─── Input records ───

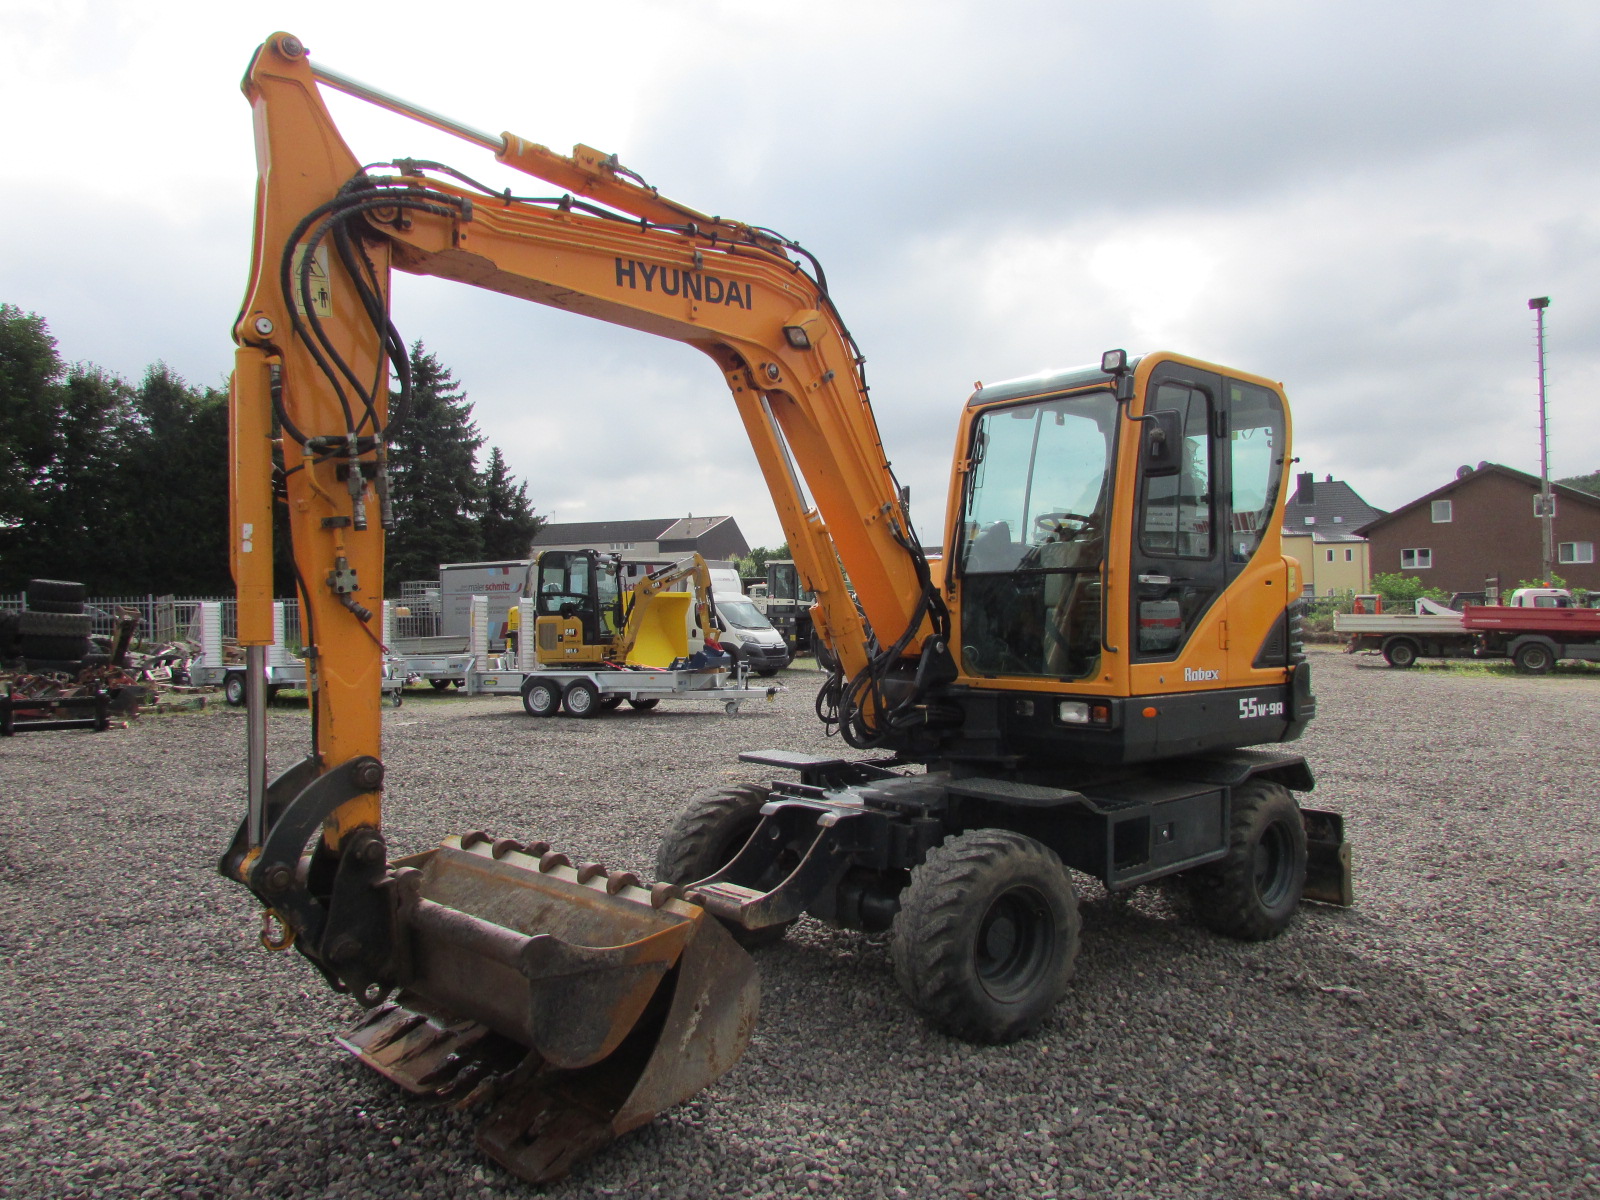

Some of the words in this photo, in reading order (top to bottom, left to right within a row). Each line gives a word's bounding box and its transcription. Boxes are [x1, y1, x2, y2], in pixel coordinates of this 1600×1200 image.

[615, 257, 752, 311] HYUNDAI
[564, 628, 576, 636] CAT
[1184, 667, 1219, 682] Robex
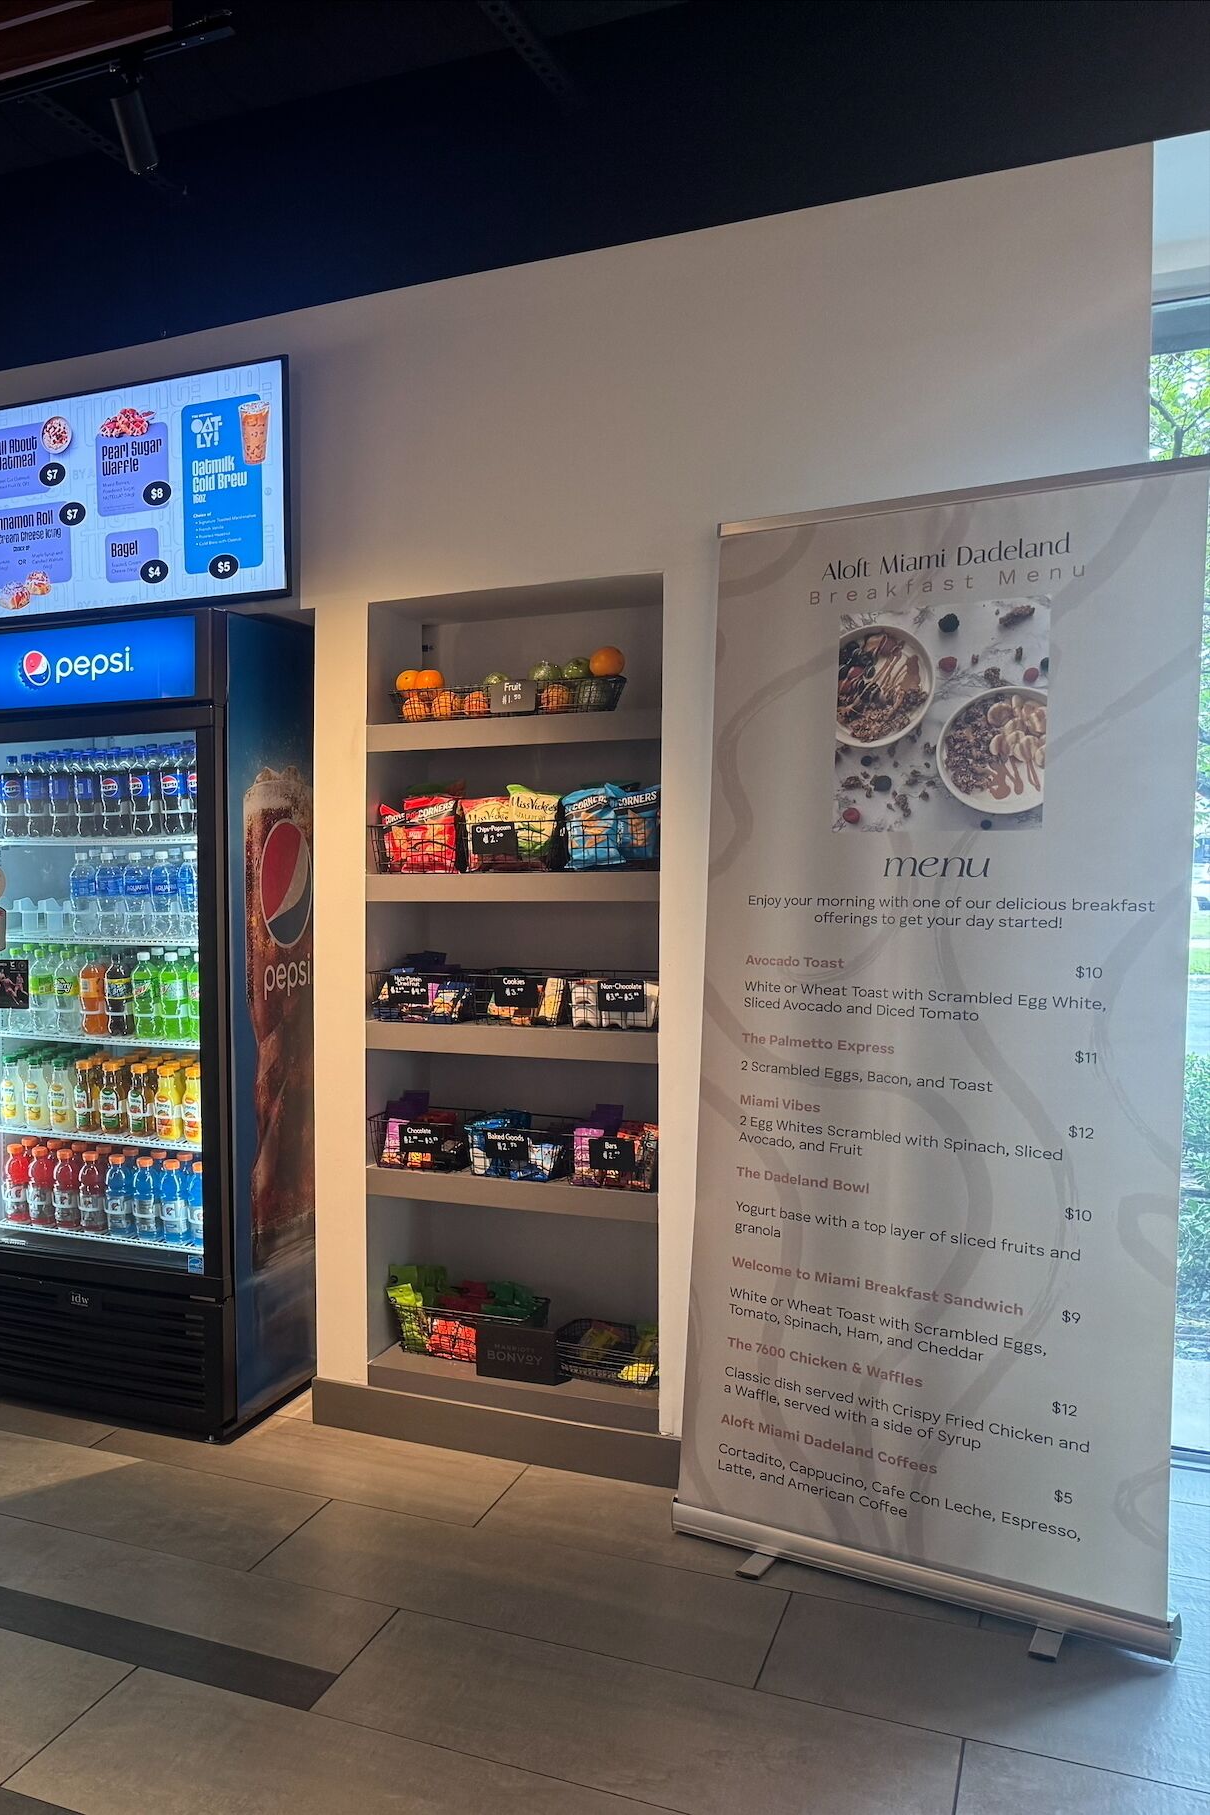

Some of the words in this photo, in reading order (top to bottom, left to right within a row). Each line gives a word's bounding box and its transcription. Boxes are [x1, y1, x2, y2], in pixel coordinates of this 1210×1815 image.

───

▶ _Problem requirements_: Skip the images and write out the rest of the listing exactly.

▶ _Response_:
Some of the words in this photo, in reading order (top to bottom, left to right within a row). Each line gives a word's bounding box and its transcription. Boxes are [x1, y1, x2, y2], in pixel coordinates of this 1600×1200 image.

[615, 257, 752, 311] HYUNDAI
[564, 628, 576, 636] CAT
[1184, 667, 1219, 682] Robex

Some of the words in this photo, in reading order (top to bottom, left to right within a row). Each line gives a word's bounding box and its transcription. Boxes are [x1, y1, x2, y2], in pixel coordinates of this 1210×1815 image.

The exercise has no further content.